# ASSIGNMENT
Each record below needs to be retyped exactly.

**** RECORD EXCERPTS

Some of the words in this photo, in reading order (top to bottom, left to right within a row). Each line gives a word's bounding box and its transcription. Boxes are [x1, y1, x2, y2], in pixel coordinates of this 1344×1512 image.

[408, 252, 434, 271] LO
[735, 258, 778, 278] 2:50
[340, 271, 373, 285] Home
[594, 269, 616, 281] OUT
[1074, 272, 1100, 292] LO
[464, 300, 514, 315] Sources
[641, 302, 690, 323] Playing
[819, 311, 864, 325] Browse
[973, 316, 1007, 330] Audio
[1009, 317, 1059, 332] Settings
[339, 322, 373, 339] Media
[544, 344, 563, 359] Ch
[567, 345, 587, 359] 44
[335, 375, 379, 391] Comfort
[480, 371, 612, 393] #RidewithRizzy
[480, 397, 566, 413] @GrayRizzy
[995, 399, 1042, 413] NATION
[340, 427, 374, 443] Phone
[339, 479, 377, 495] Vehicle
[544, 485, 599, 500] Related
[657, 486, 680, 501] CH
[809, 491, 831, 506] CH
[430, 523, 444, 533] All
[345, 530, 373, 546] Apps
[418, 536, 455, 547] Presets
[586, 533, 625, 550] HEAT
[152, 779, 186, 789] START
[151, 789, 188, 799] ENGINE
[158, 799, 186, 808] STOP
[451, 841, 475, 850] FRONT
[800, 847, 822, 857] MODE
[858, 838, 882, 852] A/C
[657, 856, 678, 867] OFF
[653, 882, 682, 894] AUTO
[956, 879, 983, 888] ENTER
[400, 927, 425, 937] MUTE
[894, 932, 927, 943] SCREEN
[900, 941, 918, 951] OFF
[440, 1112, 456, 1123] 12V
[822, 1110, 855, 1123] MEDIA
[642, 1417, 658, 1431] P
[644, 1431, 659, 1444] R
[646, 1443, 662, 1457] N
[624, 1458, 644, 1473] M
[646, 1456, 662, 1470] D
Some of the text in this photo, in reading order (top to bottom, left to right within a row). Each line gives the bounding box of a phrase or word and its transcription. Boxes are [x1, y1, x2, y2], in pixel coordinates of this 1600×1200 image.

********

# ANSWER
Some of the words in this photo, in reading order (top to bottom, left to right within a row). Each line gives a word's bounding box and its transcription. Boxes are [x1, y1, x2, y2], in pixel coordinates of this 1344×1512 image.

[408, 252, 434, 271] LO
[735, 258, 778, 278] 2:50
[340, 271, 373, 285] Home
[594, 269, 616, 281] OUT
[1074, 272, 1100, 292] LO
[464, 300, 514, 315] Sources
[641, 302, 690, 323] Playing
[819, 311, 864, 325] Browse
[973, 316, 1007, 330] Audio
[1009, 317, 1059, 332] Settings
[339, 322, 373, 339] Media
[544, 344, 563, 359] Ch
[567, 345, 587, 359] 44
[335, 375, 379, 391] Comfort
[480, 371, 612, 393] #RidewithRizzy
[480, 397, 566, 413] @GrayRizzy
[995, 399, 1042, 413] NATION
[340, 427, 374, 443] Phone
[339, 479, 377, 495] Vehicle
[544, 485, 599, 500] Related
[657, 486, 680, 501] CH
[809, 491, 831, 506] CH
[430, 523, 444, 533] All
[345, 530, 373, 546] Apps
[418, 536, 455, 547] Presets
[586, 533, 625, 550] HEAT
[152, 779, 186, 789] START
[151, 789, 188, 799] ENGINE
[158, 799, 186, 808] STOP
[451, 841, 475, 850] FRONT
[800, 847, 822, 857] MODE
[858, 838, 882, 852] A/C
[657, 856, 678, 867] OFF
[653, 882, 682, 894] AUTO
[956, 879, 983, 888] ENTER
[400, 927, 425, 937] MUTE
[894, 932, 927, 943] SCREEN
[900, 941, 918, 951] OFF
[440, 1112, 456, 1123] 12V
[822, 1110, 855, 1123] MEDIA
[642, 1417, 658, 1431] P
[644, 1431, 659, 1444] R
[646, 1443, 662, 1457] N
[624, 1458, 644, 1473] M
[646, 1456, 662, 1470] D
Some of the text in this photo, in reading order (top to bottom, left to right within a row). Each line gives the bounding box of a phrase or word and its transcription. Boxes are [x1, y1, x2, y2], in pixel coordinates of this 1600×1200 image.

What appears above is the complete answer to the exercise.